Каждое высказывание в этом диалоге индексично, то есть глубоко контекстуально. Говоря «Я живу вот тут», Питер не просто входит в диалог — он актуализирует некоторое имплицитно полагаемое соседское обязательство. Эта фраза, по сути, означает: «Вы должны мне сказать…» Говоря «Я слишком стара, чтобы завести котенка», Мойра одновременно и оправдывает свои действия, выводя их из-под потенциальной моральной оценки, и отсылает к своему плохому зрению: «Я плохо вижу и не уверена, что могу вам помочь».

Позже в четверг. Миссис Монро постучала в дверь Уинниингов: «Вы нашли Джека? Алек [муж] сказал, что последний раз видел его напротив их дома в понедельник: тот просился внутрь». Кристина поблагодарила соседку, добавив: «Да, это была последняя ночь, когда Джек ночевал дома». Они некоторое время обсуждают, что еще можно сделать. Кристина и Питер уже обзвонили кошачьи приюты и компании, занимающиеся ловлей бездомных и потерявшихся животных. Завтра они попробуют расклеить объявления.

Разговор на пороге — особая форма коммуникации. Он асимметричен. Не заходя внутрь, Миссис Монро подчеркивает, что пришла «по делу», что всерьез занимается пропажей Джека. Она пришла сообщить новости, какими бы незначительными они ни были, и «обновить статус». У разговора на пороге двух соседей есть масса специфических коммуникативных особенностей, подчеркивают исследователи, одна из них такая: вежливо завершить его может только человек снаружи, хозяева лишены такой привилегии.

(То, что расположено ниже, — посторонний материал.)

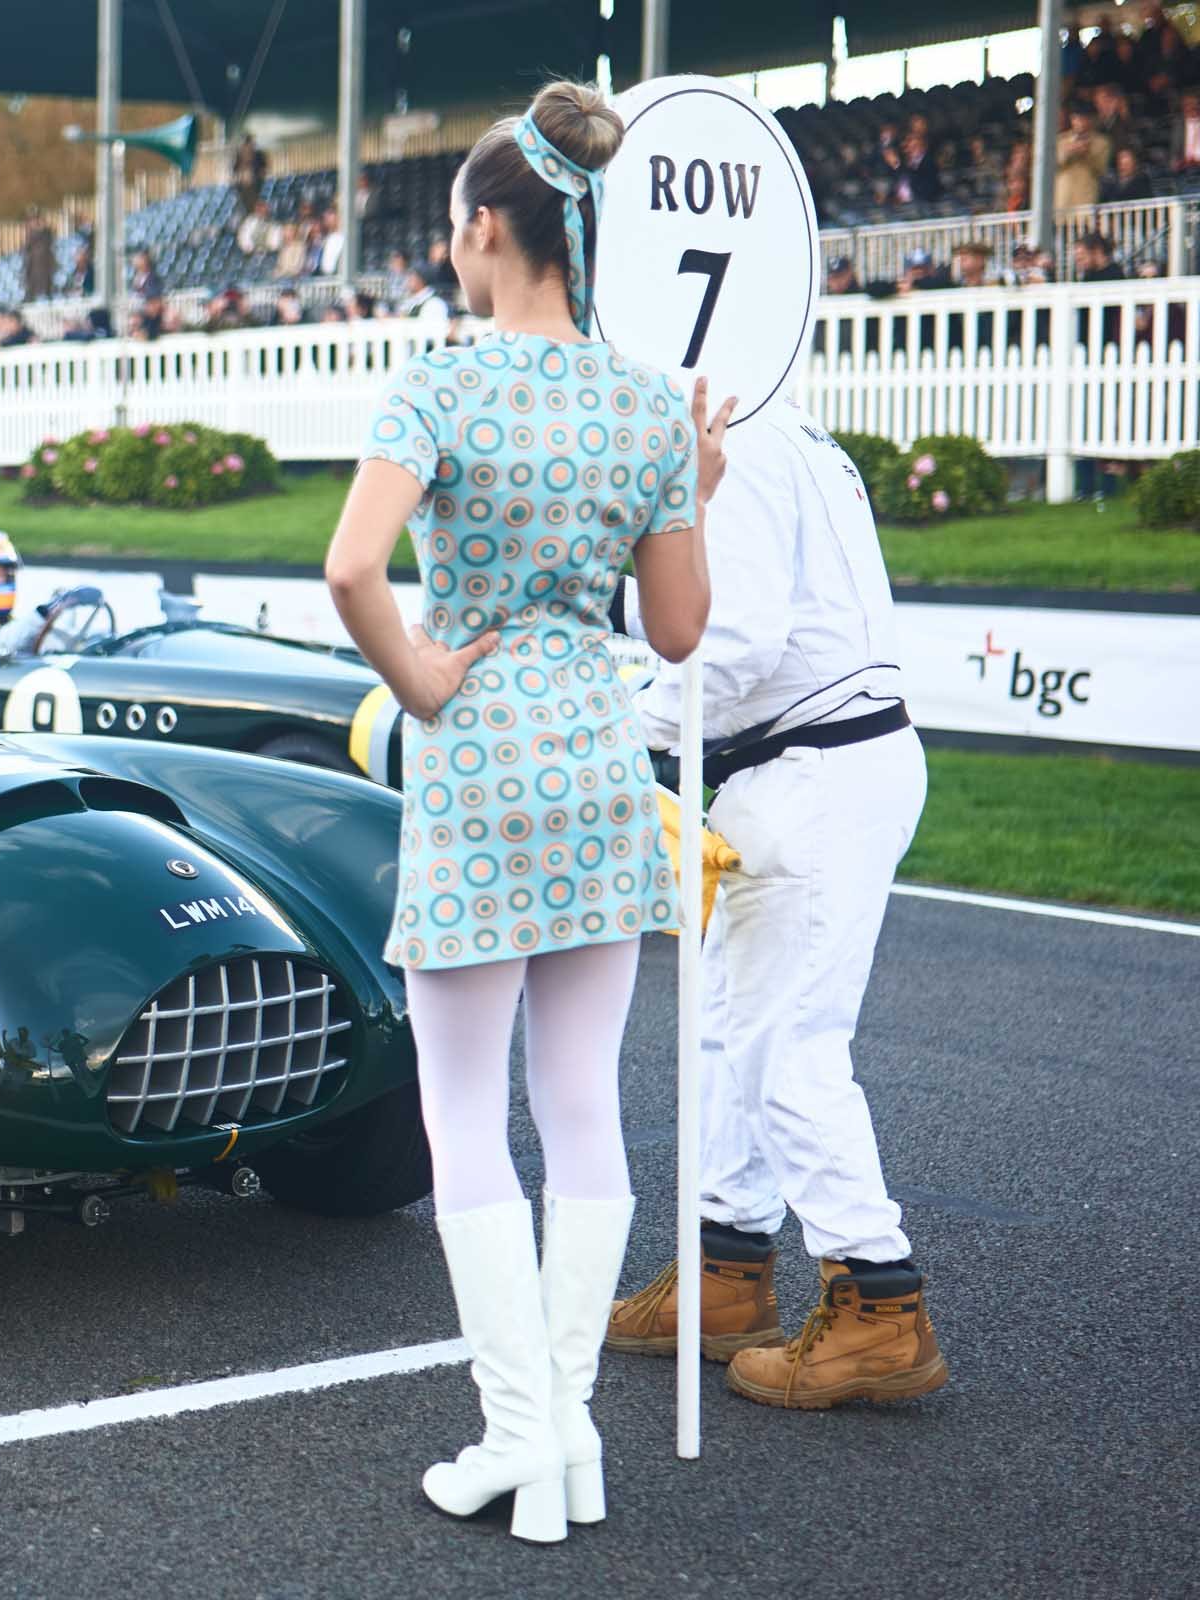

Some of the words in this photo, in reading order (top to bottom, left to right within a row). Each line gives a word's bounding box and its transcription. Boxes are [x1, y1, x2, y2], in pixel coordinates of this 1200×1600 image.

Суббота. На выходных, как только появилось время, Кристина и Питер напечатали дома объявление о пропаже кота. Они повесили его на газетный ларек, на дверь клиники ветеринара, на дверь супермаркета, на фонарные столбы на углах трех улиц, параллельных той, на которой они живут, а также на доску объявлений в местном парке.

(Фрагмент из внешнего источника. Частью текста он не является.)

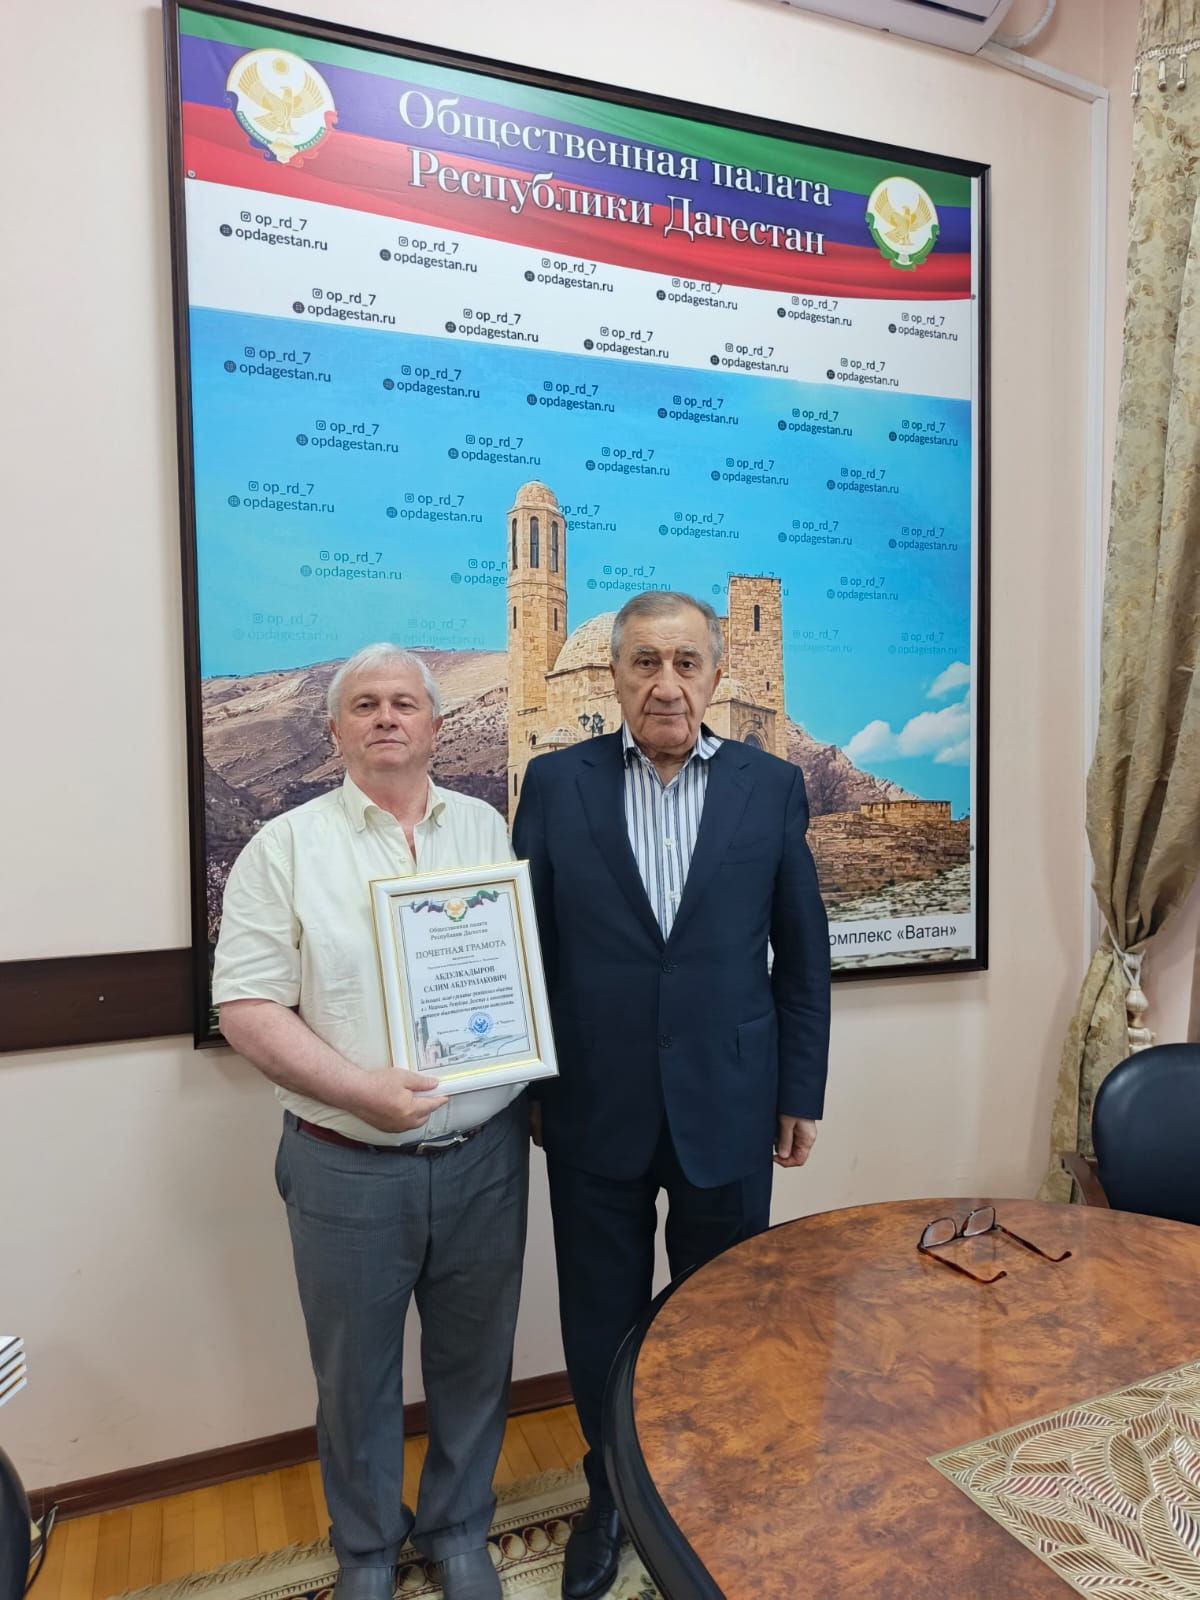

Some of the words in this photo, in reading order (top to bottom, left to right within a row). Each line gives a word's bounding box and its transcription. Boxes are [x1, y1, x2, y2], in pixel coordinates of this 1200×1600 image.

[399, 88, 700, 183] Общественная
[712, 160, 832, 207] палата
[407, 147, 653, 226] Республики
[664, 195, 826, 257] Дагестан
[255, 212, 307, 231] op_rd_7
[235, 225, 327, 251] opdagestan.ru
[412, 237, 459, 254] op_rd_7
[394, 251, 477, 273] opdagestan.ru
[553, 257, 597, 275] op_rd_7
[537, 272, 614, 293] opdagestan.ru
[683, 279, 722, 293] op_rd_7
[326, 289, 376, 306] op_rd_7
[668, 290, 738, 311] opdagestan.ru
[802, 297, 838, 311] op_rd_7
[308, 302, 396, 325] opdagestan.ru
[476, 309, 521, 325] op_rd_7
[788, 308, 852, 327] opdagestan.ru
[911, 313, 944, 327] op_rd_7
[459, 323, 538, 343] opdagestan.ru
[612, 328, 653, 342] op_rd_7
[898, 324, 958, 342] opdagestan.ru
[259, 348, 311, 364] op_rd_7
[596, 340, 669, 359] opdagestan.ru
[736, 344, 773, 358] op_rd_7
[240, 361, 331, 383] opdagestan.ru
[722, 355, 789, 374] opdagestan.ru
[850, 359, 885, 372] op_rd_7
[415, 366, 461, 382] op_rd_7
[837, 370, 899, 387] opdagestan.ru
[397, 379, 480, 399] opdagestan.ru
[555, 381, 599, 397] op_rd_7
[539, 394, 615, 414] opdagestan.ru
[684, 396, 723, 409] op_rd_7
[669, 409, 738, 426] opdagestan.ru
[802, 409, 838, 422] op_rd_7
[330, 421, 379, 436] op_rd_7
[789, 421, 853, 437] opdagestan.ru
[911, 420, 945, 432] op_rd_7
[311, 434, 399, 454] opdagestan.ru
[479, 435, 523, 450] op_rd_7
[899, 432, 958, 447] opdagestan.ru
[461, 448, 541, 466] opdagestan.ru
[613, 448, 654, 461] op_rd_7
[598, 461, 670, 477] opdagestan.ru
[736, 459, 774, 472] op_rd_7
[722, 472, 789, 486] opdagestan.ru
[850, 468, 885, 480] op_rd_7
[263, 481, 314, 496] op_rd_7
[837, 480, 899, 495] opdagestan.ru
[243, 496, 335, 514] opdagestan.ru
[418, 494, 464, 508] op_rd_7
[400, 508, 482, 523] opdagestan.ru
[685, 512, 724, 526] op_rd_7
[567, 520, 617, 531] gestan.ru
[670, 526, 739, 538] opdagestan.ru
[802, 520, 839, 533] op_rd_7
[911, 527, 944, 539] op_rd_7
[789, 533, 852, 545] opdagestan.ru
[898, 540, 958, 551] opdagestan.ru
[334, 551, 382, 565] op_rd_7
[315, 565, 402, 581] opdagestan.ru
[615, 565, 655, 578] op_rd_7
[850, 576, 885, 588] op_rd_7
[837, 589, 898, 600] opdagestan.ru
[828, 930, 892, 946] омплекс
[897, 924, 957, 940] «Ватан»
[415, 945, 464, 960] ПОЧЕТНАЯ
[466, 939, 507, 953] ГРАМОТА

Выбор мест для расклейки объявлений четой Уиннингов — сам по себе любопытный пример «соседской картографии». Традиционно такой выбор описывается в категориях «публично релевантных зон». Но практическая задача, стоящая перед Питером и Кристиной, сложнее. Им нужно принять во внимание: а) предполагаемые маршруты кота; б) точки пересечения ежедневных маршрутов соседей, имеющих наибольшие шансы увидеть кота; в) места, в которых максимальное количество соседей будет иметь возможность прочитать это объявление (независимо от маршрутов кота и кошкорелевантности соседей). По тому, как распределено ограниченное количество объявлений, мы можем судить, какой критерий воспринимается Уиннингами в качестве основного (предполагаемые кошачьи маршруты).

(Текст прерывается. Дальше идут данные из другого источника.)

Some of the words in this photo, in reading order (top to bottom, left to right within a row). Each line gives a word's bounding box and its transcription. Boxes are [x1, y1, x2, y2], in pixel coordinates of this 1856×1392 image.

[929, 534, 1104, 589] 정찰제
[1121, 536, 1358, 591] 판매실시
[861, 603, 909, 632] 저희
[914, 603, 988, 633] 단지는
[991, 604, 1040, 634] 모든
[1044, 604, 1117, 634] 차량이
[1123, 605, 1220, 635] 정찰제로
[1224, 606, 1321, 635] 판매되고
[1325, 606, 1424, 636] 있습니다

Понедельник. Малознакомый сосед, живущий на противоположной стороне улицы, бросил в почтовый ящик Уиннингов записку: его новые соседи по дому нашли кота — тот был без ошейника, голодный и ободранный — и передали его в центр помощи потерявшимся животным. (Как впоследствии выяснилось, Питер туда звонил, но служащие приюта не смогли сопоставить его описание с переданным им котом). Кристина познакомилась с новыми соседями, пока они разгружали машину, и выяснила, в какой именно приют передали Джека.

У истории, рассказанной в статье Лорье, Уайта и Бакнер, счастливый конец — для Джека, но не для теории сообществ. Потому что из приведенного описания, в частности, следует, что концептуализация соседского сообщества как некоторой «вещи», имеющей собственные субстанциальные качества и характеристики (нормы, правила, ожидания, моральные пресуппозиции, социальные связи, градус солидарности etc.), пасует перед простым вопросом: как именно там ищут потерявшегося кота? Авторы теории морального минимализма, говорят Лорье, Уайт и Бакнер, слишком близко к сердцу восприняли идеи Норберта Элиаса о «процессе цивилизации», замечания Ричарда Сеннета о «падении публичного человека» и Фердинанда Тенниса о «гибели гемайншафта». (Странно, но Ханну Арендт их критический аргумент, кажется, не задел.) До тех пор, пока мы находимся в плену подобных абстракций в своих рассуждениях об «остывании социального», мы не видим главного: как совместные поиски потерявшегося животного создают соседство. А значит, мы больше не можем мыслить соседство — да и сообщество в целом — в качестве микрофабрики по производству доверия, но исключительно в виде некоторого дериватива от повседневных упорядоченных локальных практик.

Этот текст — отрывок из новой книги Виктора Вахштайна «Язык и город. Городские исследования до и после поворота к материальному». Книга выйдет в издательстве «Новое литературное обозрение».

Источник

474


Произошла ошибка :(

Уважаемый пользователь, произошла непредвиденная ошибка. Попробуйте перезагрузить страницу и повторить свои действия.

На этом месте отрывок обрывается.